The cover of Sue Tabashnik's book
The Fans' Love Story: Encore


The book's Chapter Six is Sue Tabashnik's interview with Maurice Williams, who created the song "Stay".

Here is the interview's opening exchange:
How did your song "Stay" get up in the movie? How did you gen involved with Dirty Dancing?

The writer Eleanor Bergstein, fought to get it in there.

She fought to get "Stay" in the movie?

Yes, and thought it was fitting for the movie.
I speculate that Williams was misinformed about Bergstein's intentions. In Bergstein's July 1986 script, the soundtrack for that scene was supposed to be "The Duke of Earl", performed by Gene Chandler.

In Scene 35 of the July 1986 script,
the soundtrack played "The Duke of Earl" 

We do not know why "The Duke of Earl" was replaced by "Stay" in the final movie.

Maybe after the decision was made not to use "The Duke of Earl", Bergstein then fought to get "Stay" into the movie as her second choice.

Williams says in the interview that he and Bergstein met at a ceremony for the platinum album of the movie's soundtrack. So, they met in about 1994, more than six years after the movie was released. On that occasion ....
... she came down, and we talked. We talked forever. She's a nice lady, and she told me all these things ...
Of course, she did not tell him that "Stay" was not her first song choice for that scene.

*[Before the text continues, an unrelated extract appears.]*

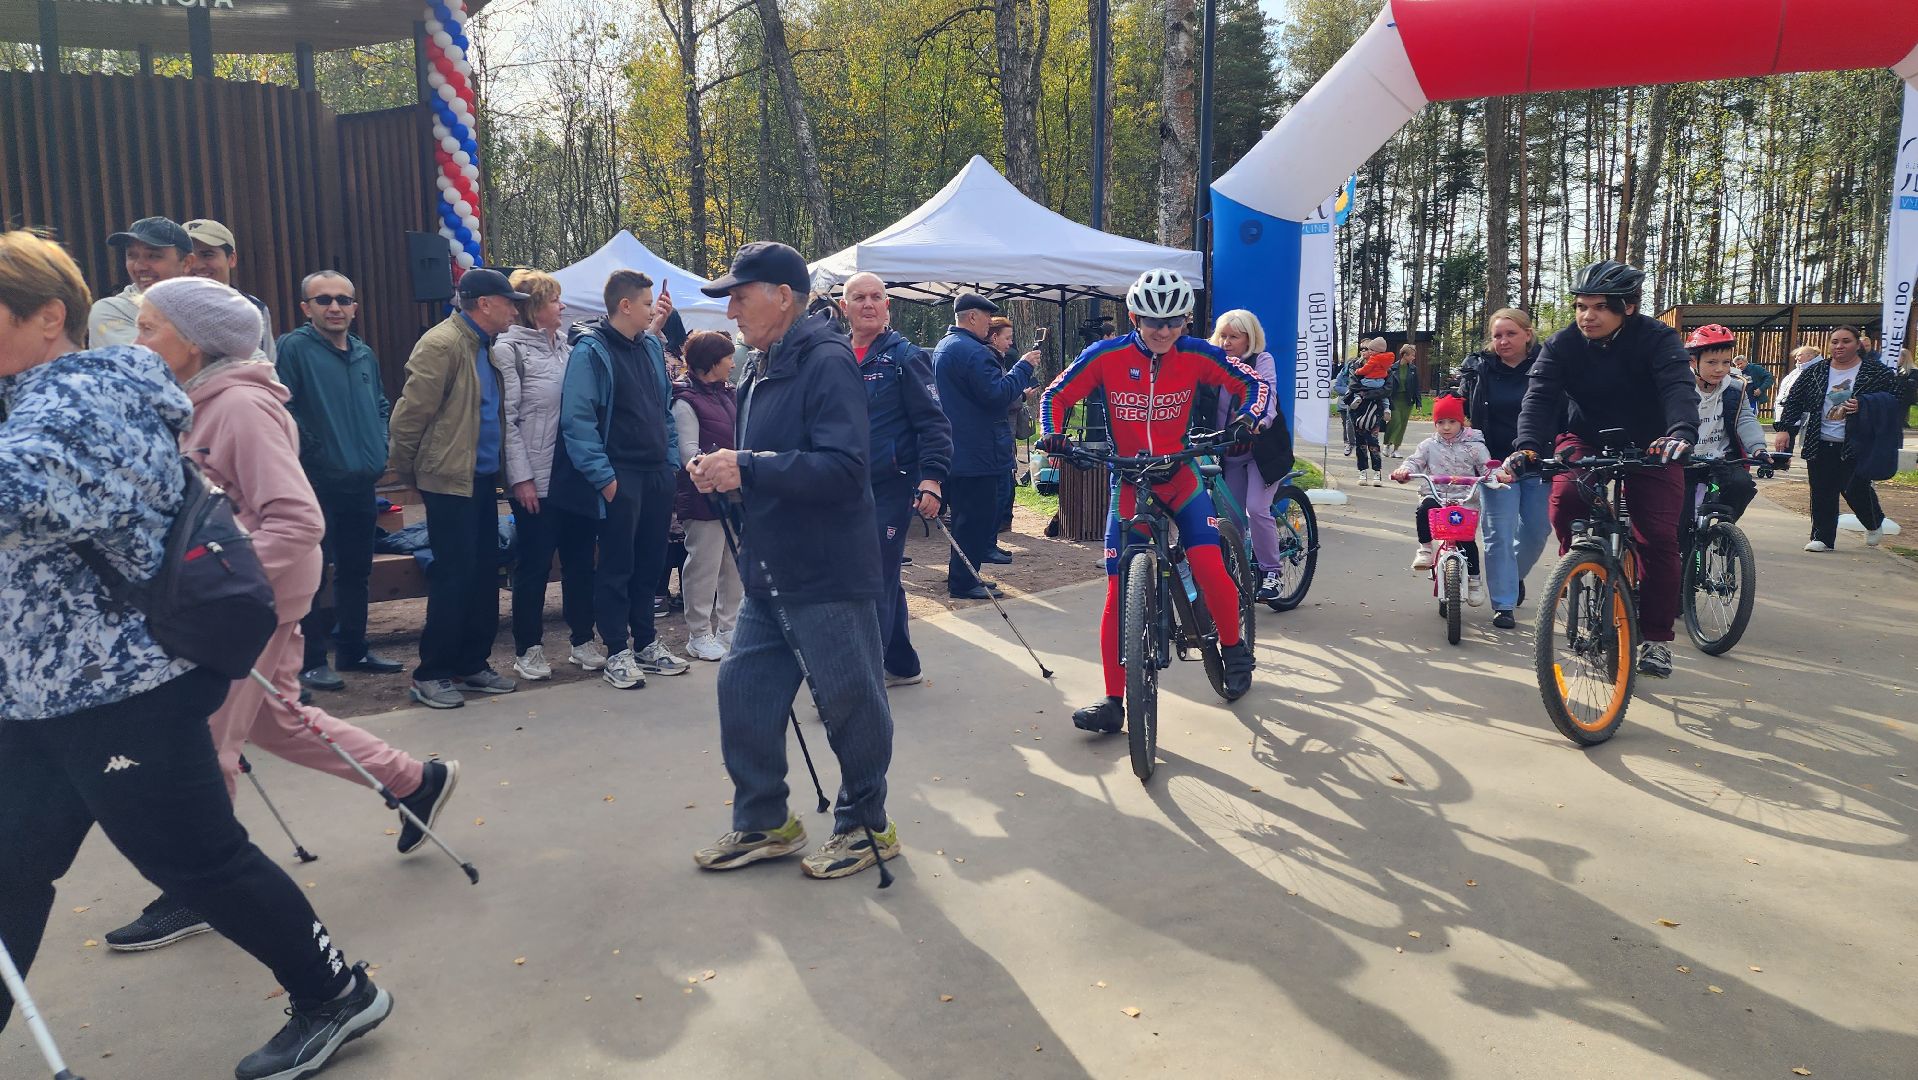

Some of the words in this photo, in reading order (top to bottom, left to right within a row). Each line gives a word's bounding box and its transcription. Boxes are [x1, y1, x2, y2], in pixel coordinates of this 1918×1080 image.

[1309, 292, 1331, 399] СООБЩЕСТВО
[1110, 389, 1192, 407] MOSCOW
[1115, 405, 1181, 421] REGION

The book's Chapter Seven is Tabashnik's interview with Jackie Horner, a professional dance instructor whom Bergstein interviewed while she was developing her screenplay. Horner is said to be the model for the movie's character Penny Johnson.

I have written about Tabashnik's interview of Horner already in a previous blog article titled Penny Johnson was based on Jackie Horner, which I published on May 30, 2017. When I read the interview again now, I notice three aspects that are new to me.


The first new aspect is that Horner mentions that four other "Catskill movies" -- aside from Dirty Dancing -- have been made.

* The 1999 movie A Walk on the Moon. I have seen and enjoyed this movie a couple of times, and I have intended for a long time to write an article about it for this blog.

* The 1987 movie Sweet Lorraine. I was not aware of this movie until Horner mentioned it.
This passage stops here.